Gordon jerked away from the hard hand that Jeff had clamped on his shoulder.

"_You're bloody mental, an' I've heard enough of this rubbish!"_

He started for the door, only to be whipped around again and shoved into a chair by Jeff, whose towering rage seemed to quite fill the little office.

"Sit your ass down, and pay attention!"

Jeff raked a hand through his iron-grey hair, calming himself with a visible effort.

"Maybe I've mishandled this," he began again, voice low and hoarse. "Lord knows I've screwed up before, starting with the news of your conception. You were a surprise to begin with, and your mother had her work cut out, making me happy about it. Then I fumbled the ball again, in Geneva, after the accident. Should've brought you home then and there, but... I guess I wasn't man enough to break another heart."

Gordon opened his mouth again, making as if to stand up. Jeff leveled a forefinger at his chest.

"I said, shut up, Gordon. I'm pretty sure I can find some duct tape, if I really need to!"

They crossed stares again, and it was Gordon who finally looked away. Jeff continued, seeming at once angry, and desperate to explain.

"I let Kathy have you, and I let my family think you'd vanished. God can judge me for it, in His own time, but I'll be damned if I'm going to take it from you!"

Gordon so very badly wanted it to be a lie. But his mother, pale and fragile in her hospital bed, her beautiful copper hair no more than a few brittle wisps, had said,

'_I'm so sorry, Love. There's somethin' I must tell you... but I can't stand f'r you t' hate me. Jus'... please, when they come back f'r you... listen, and don't blame me too much. You and Joe were my life.'_

Gordon hadn't understood, then. Now, he did, a little; but he still couldn't bring himself to hate her, any more than he could disobey her final wishes. Jeff went on, sounding like a man who'd long ago resigned himself to emptiness and loss.
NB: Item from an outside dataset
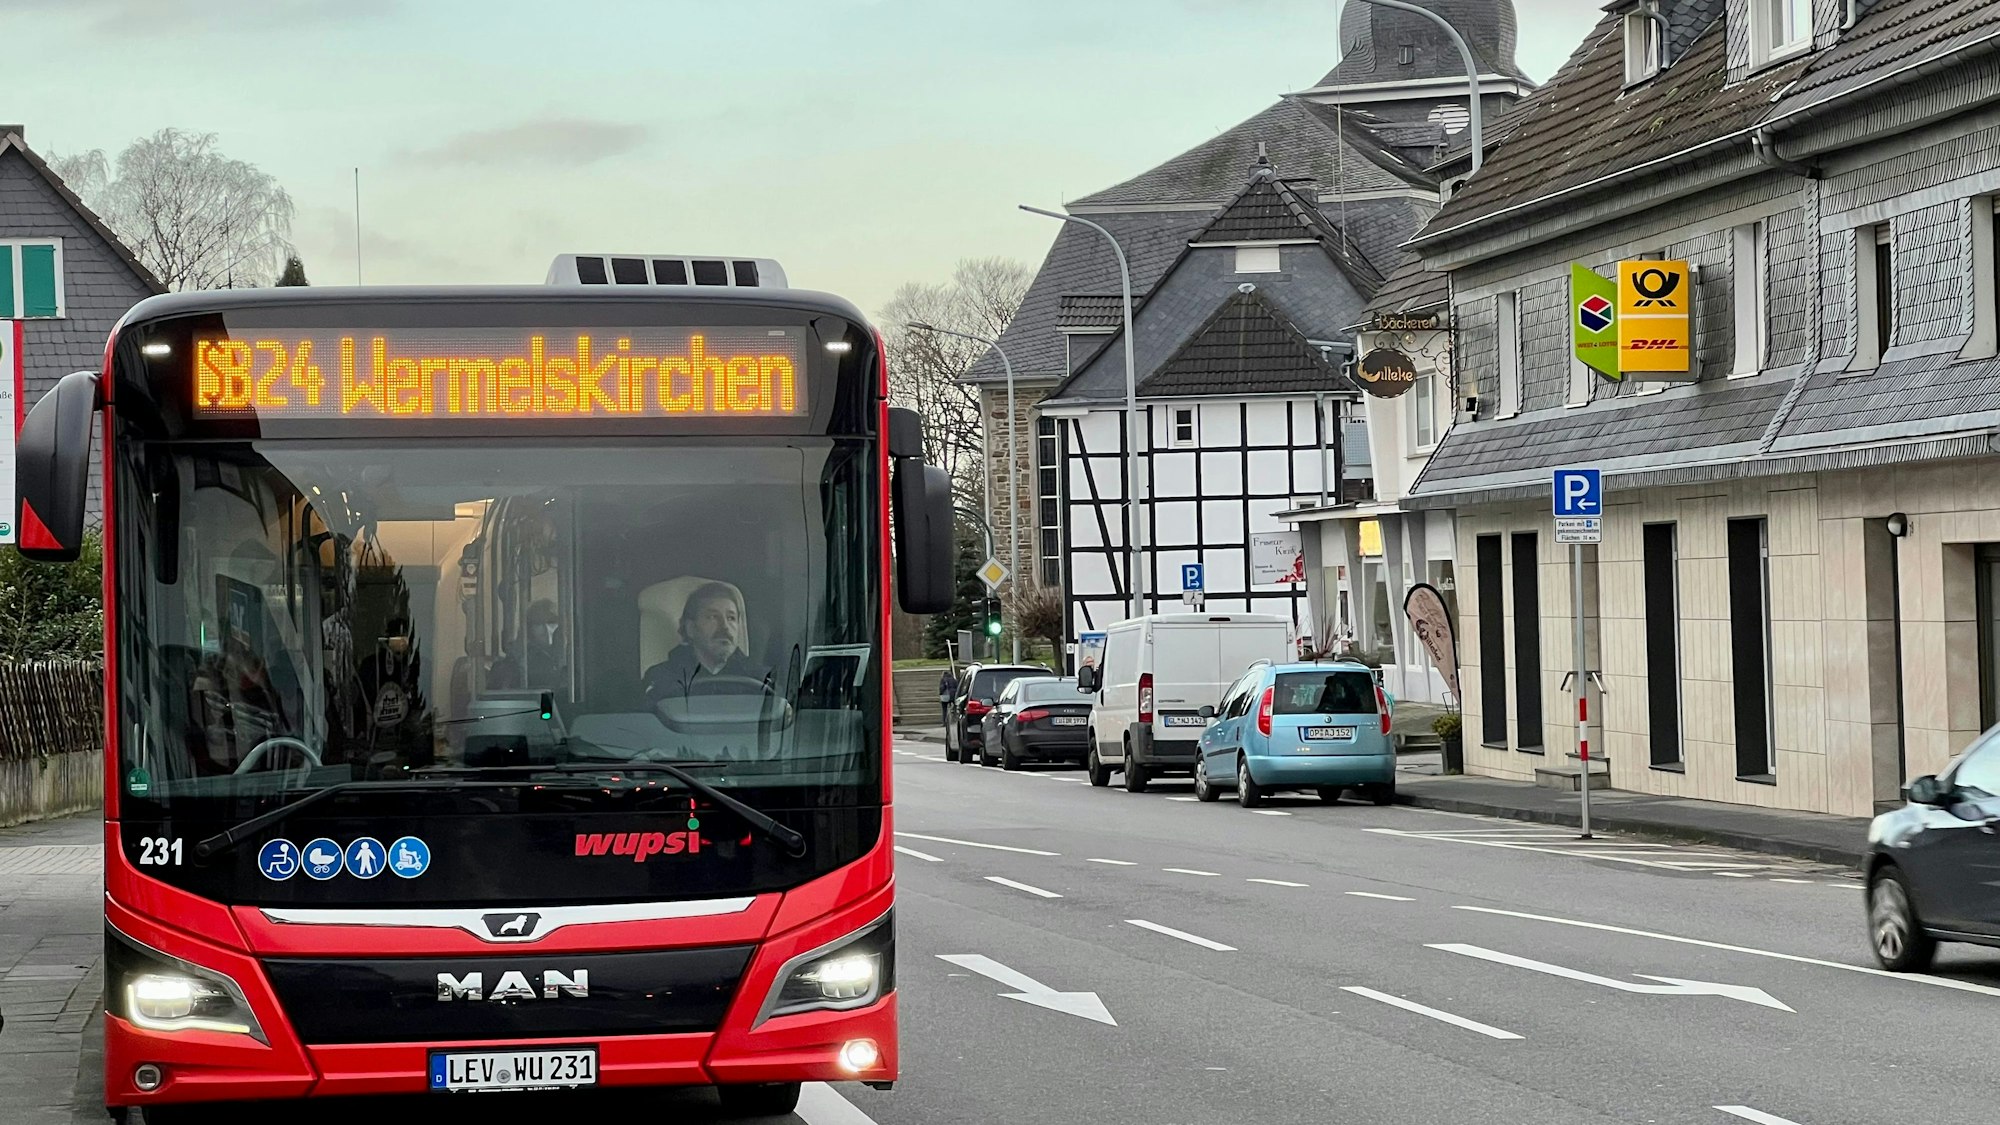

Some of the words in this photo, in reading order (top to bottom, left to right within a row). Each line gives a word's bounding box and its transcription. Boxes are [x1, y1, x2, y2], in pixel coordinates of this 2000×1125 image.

"This time, I'm going to do the right thing, whatever the cost."

Then, he did something that Gordon found totally inexplicable. Clearing his throat a bit, he added,

"I've brought you a few supplies, for the trip home. Didn't know what you already have, or what you might need, but it's a long flight, so I put something together."

From an airport gift bag on McMahon's desk, he quietly pulled out a stupid blue teddy bear. Like Gordon was a baby, or something, he set the toy on the arm of the chair.

Too upset to be reasonable, or even to _try _understanding the gesture, Gordon back-handed the inane little thing. It flew across the office, landing upside-down against the far wall.

Jeff stared at the teddy bear, recalling its counterparts in a hospital garbage can, and a coffin. Then he took a deep breath, squared his broad shoulders, and said,

"I've got some paperwork to take care of, at the American Embassy. We'll be flying out in two hours. Pack your things, and be ready to go."

And with that, Jeff Tracy left his son.


	3. Chapter 3: A Long Flight

3

_A bit of a reconciliation._

Royce caught up with him out back, by one of several landscaped ponds in lower Vallekas, not so much skipping stones, as attacking the water. The warm, golden light was fading fast, and so were his hopes for a sudden, brilliant notion.

"What's it t' be, then?" Royce inquired, stooping for a smooth rock of his own. It flicked across the pond like a mayfly, skipping out of sight in the gathering dusk.

"It appears I'm leaving," Gordon responded, expressionlessly, barely audible over distant car horns and chatter.

"Where?"

The question was quiet. The answer, still more so.

"America."

Eyes on the course of his latest stone, Royce probed further.

"The cousins?"

Gordon simply nodded, hands deep in the pockets of his blue-and-gold team jacket. Summer days in Madrid could be gaspingly warm, but the plateau was high enough that temperatures often plummeted by night. Best to be prepared.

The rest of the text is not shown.